Applications · #15 of 16

Color Tracking

Following Objects

A grid of video frames showing a Formula 1 car, a snake, a panda, a surfer, and a tiger, each with its silhouette traced in red across successive frames
Object co-segmentation: the same moving subject located frame after frame across very different scenes. — Bikingdog, CC BY-SA 4.0

A child watching a red balloon does not solve a system of equations. The balloon drifts behind a tree, reappears, tumbles, catches the light from a new angle, and the small head turns to follow it the whole time. No template. No memory of the balloon's exact shape. Just one stubborn rule: keep your eyes on the red thing.

That rule is older than computers and almost embarrassingly cheap to run.
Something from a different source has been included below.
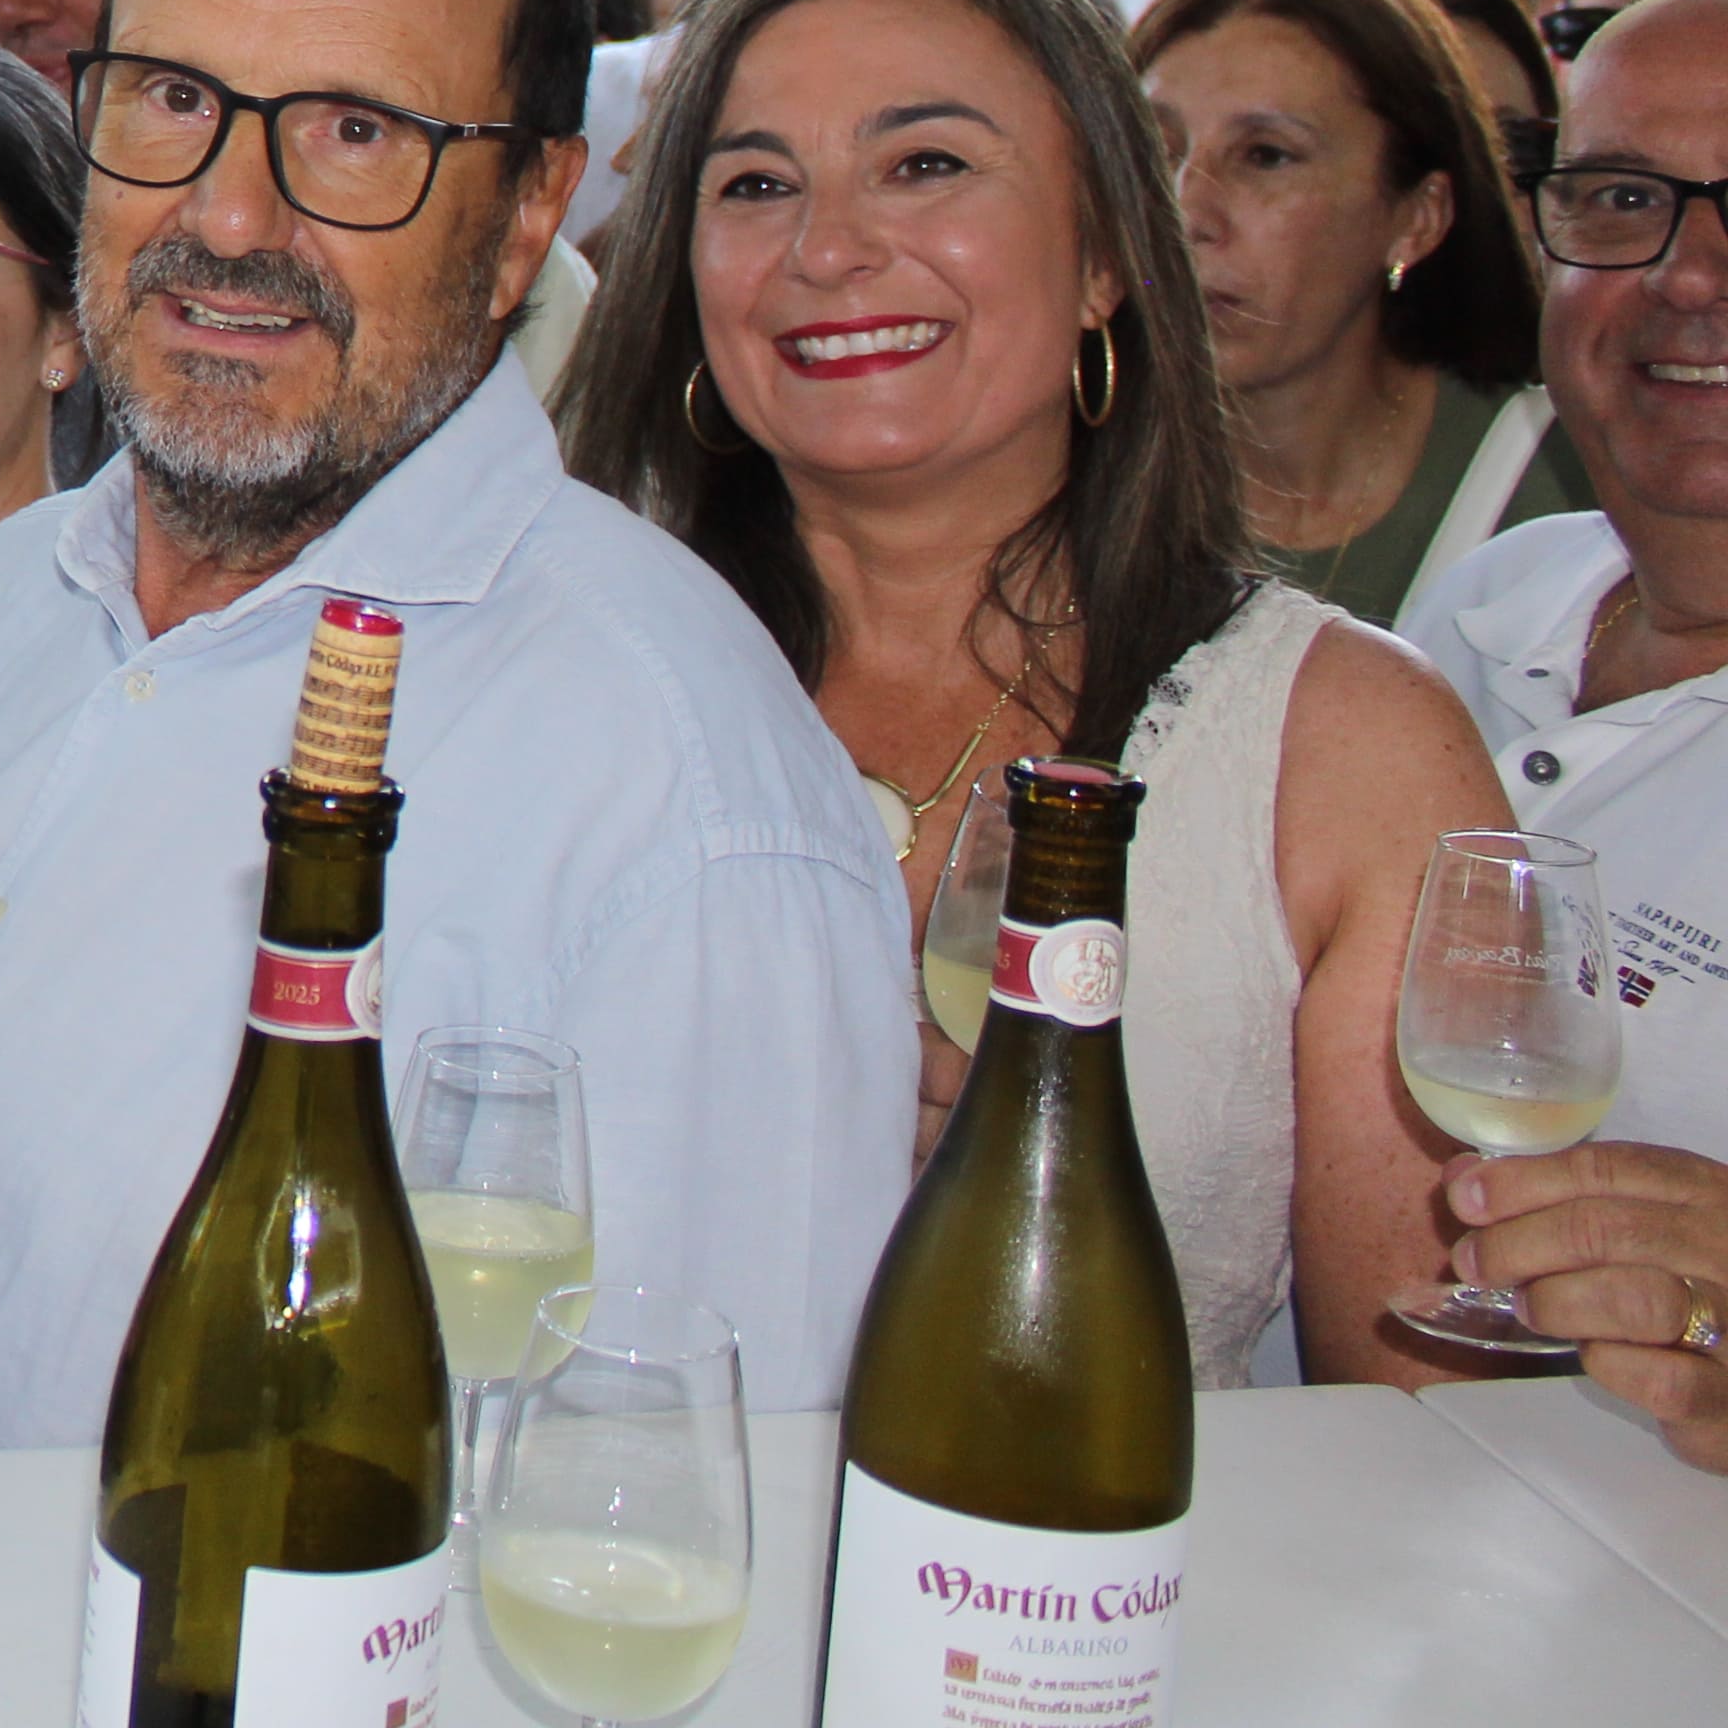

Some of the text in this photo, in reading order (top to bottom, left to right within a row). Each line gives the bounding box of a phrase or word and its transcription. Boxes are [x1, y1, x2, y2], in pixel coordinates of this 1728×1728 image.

Strip away texture, edges, gradients, and deep nets, and a surprising amount of "follow that object" survives on a single cue: color.

Before you track anything clever, learn to track the simplest thing reliably: a patch of a color that nothing else in the frame happens to share.

The trick is not "look for red pixels." It is choosing a way to describe color that survives the real world: a passing cloud, a flickering bulb, a shadow sliding across the object. We do that by switching the language we use to talk about color, then drawing a fence around the region of that language our object lives in. The fence is called a color threshold, and everything else in this chapter is just cleaning up after it.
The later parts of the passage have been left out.